Supplied material below:

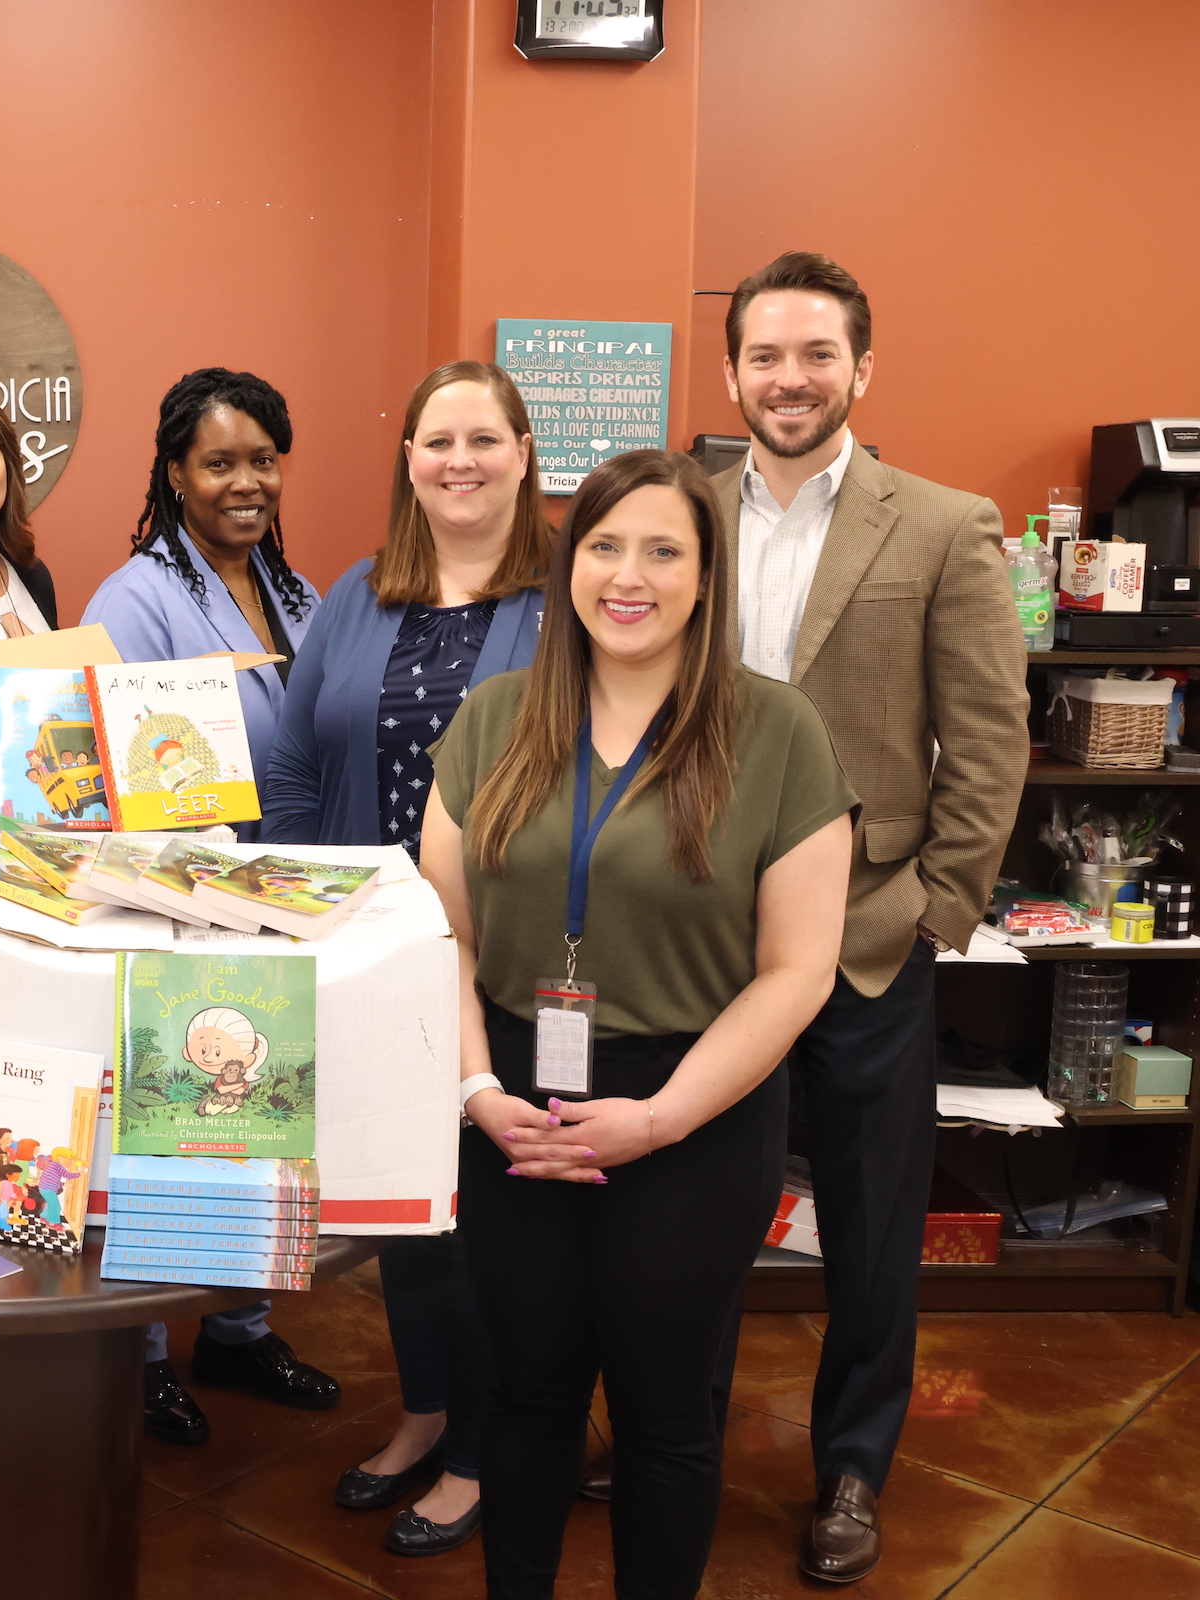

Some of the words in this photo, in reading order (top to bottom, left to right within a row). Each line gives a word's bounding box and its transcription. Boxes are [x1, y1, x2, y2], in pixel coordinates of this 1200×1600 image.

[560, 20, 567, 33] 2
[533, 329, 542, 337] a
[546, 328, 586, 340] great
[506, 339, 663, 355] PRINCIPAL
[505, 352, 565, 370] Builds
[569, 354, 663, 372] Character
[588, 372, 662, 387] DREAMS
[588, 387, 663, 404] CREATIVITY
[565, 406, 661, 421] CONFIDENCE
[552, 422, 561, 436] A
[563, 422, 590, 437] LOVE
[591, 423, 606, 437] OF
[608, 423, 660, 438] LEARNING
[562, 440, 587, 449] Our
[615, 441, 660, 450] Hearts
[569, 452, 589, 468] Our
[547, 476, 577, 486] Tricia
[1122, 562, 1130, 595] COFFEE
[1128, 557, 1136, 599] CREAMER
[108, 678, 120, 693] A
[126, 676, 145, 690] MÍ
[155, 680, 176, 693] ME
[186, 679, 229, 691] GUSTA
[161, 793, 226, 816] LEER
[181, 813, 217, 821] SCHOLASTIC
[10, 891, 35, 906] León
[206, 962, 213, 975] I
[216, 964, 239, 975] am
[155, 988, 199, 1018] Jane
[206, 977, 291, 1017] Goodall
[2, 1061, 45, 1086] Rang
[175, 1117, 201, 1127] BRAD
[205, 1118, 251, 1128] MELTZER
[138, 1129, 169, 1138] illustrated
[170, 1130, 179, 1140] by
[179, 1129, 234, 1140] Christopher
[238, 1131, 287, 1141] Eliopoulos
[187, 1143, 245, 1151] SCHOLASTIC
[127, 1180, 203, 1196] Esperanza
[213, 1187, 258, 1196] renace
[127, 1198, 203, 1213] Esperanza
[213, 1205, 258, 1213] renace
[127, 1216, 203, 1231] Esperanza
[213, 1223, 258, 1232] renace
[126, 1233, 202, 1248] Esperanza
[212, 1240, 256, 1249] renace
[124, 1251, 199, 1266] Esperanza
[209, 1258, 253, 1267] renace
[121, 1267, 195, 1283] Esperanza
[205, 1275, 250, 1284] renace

End of Supplied material.

__Work to complete__
The material must be restated verbatim. Its pictures must be omitted.

__Response box__
Some of the words in this photo, in reading order (top to bottom, left to right within a row). Each line gives a word's bounding box and its transcription. Boxes are [x1, y1, x2, y2], in pixel coordinates of this 1200×1600 image.

[560, 20, 567, 33] 2
[533, 329, 542, 337] a
[546, 328, 586, 340] great
[506, 339, 663, 355] PRINCIPAL
[505, 352, 565, 370] Builds
[569, 354, 663, 372] Character
[588, 372, 662, 387] DREAMS
[588, 387, 663, 404] CREATIVITY
[565, 406, 661, 421] CONFIDENCE
[552, 422, 561, 436] A
[563, 422, 590, 437] LOVE
[591, 423, 606, 437] OF
[608, 423, 660, 438] LEARNING
[562, 440, 587, 449] Our
[615, 441, 660, 450] Hearts
[569, 452, 589, 468] Our
[547, 476, 577, 486] Tricia
[1122, 562, 1130, 595] COFFEE
[1128, 557, 1136, 599] CREAMER
[108, 678, 120, 693] A
[126, 676, 145, 690] MÍ
[155, 680, 176, 693] ME
[186, 679, 229, 691] GUSTA
[161, 793, 226, 816] LEER
[181, 813, 217, 821] SCHOLASTIC
[10, 891, 35, 906] León
[206, 962, 213, 975] I
[216, 964, 239, 975] am
[155, 988, 199, 1018] Jane
[206, 977, 291, 1017] Goodall
[2, 1061, 45, 1086] Rang
[175, 1117, 201, 1127] BRAD
[205, 1118, 251, 1128] MELTZER
[138, 1129, 169, 1138] illustrated
[170, 1130, 179, 1140] by
[179, 1129, 234, 1140] Christopher
[238, 1131, 287, 1141] Eliopoulos
[187, 1143, 245, 1151] SCHOLASTIC
[127, 1180, 203, 1196] Esperanza
[213, 1187, 258, 1196] renace
[127, 1198, 203, 1213] Esperanza
[213, 1205, 258, 1213] renace
[127, 1216, 203, 1231] Esperanza
[213, 1223, 258, 1232] renace
[126, 1233, 202, 1248] Esperanza
[212, 1240, 256, 1249] renace
[124, 1251, 199, 1266] Esperanza
[209, 1258, 253, 1267] renace
[121, 1267, 195, 1283] Esperanza
[205, 1275, 250, 1284] renace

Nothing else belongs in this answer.